▸ WORK INSTRUCTION
Whatever runs from the line with "this 1728×1152 image." to the end of the records below must be copied exactly, with nothing else included.
----- RECORDS FOR THIS TASK
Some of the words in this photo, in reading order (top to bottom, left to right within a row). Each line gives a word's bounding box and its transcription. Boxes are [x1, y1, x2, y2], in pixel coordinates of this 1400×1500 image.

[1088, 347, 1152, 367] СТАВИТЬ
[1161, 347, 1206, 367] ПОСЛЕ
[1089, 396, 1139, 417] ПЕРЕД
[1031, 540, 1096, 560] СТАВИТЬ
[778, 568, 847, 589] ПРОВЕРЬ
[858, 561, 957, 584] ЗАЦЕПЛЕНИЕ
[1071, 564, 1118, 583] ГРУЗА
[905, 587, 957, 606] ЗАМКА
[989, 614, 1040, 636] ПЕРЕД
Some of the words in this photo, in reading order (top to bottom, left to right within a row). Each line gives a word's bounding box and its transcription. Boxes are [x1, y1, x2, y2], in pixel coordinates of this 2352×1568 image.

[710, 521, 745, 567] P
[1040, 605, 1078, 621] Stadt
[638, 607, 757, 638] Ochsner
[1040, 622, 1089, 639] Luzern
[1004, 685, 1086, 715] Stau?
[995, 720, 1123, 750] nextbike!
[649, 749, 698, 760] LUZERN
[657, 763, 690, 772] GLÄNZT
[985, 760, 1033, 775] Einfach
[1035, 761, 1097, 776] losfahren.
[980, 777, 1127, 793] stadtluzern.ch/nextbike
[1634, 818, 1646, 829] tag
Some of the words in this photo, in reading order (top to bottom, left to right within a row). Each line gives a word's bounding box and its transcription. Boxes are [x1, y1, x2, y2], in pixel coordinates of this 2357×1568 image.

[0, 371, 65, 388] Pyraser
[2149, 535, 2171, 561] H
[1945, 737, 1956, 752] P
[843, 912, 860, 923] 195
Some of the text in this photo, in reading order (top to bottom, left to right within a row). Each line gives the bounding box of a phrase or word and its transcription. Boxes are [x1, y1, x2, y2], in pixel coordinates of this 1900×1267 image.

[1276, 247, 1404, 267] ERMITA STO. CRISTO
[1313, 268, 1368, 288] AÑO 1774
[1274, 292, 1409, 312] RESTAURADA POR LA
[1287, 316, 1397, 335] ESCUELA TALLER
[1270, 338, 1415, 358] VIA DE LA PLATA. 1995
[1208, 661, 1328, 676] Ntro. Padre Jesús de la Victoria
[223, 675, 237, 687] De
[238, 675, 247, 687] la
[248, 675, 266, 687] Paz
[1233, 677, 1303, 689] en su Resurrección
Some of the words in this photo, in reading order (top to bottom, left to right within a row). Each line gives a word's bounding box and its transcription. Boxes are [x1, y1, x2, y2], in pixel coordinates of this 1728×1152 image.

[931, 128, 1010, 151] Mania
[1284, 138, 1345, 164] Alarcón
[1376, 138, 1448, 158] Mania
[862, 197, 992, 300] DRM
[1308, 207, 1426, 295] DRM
----------
▸ SOLUTION FOR THIS TASK
Some of the words in this photo, in reading order (top to bottom, left to right within a row). Each line gives a word's bounding box and its transcription. Boxes are [x1, y1, x2, y2], in pixel coordinates of this 1728×1152 image.

[931, 128, 1010, 151] Mania
[1284, 138, 1345, 164] Alarcón
[1376, 138, 1448, 158] Mania
[862, 197, 992, 300] DRM
[1308, 207, 1426, 295] DRM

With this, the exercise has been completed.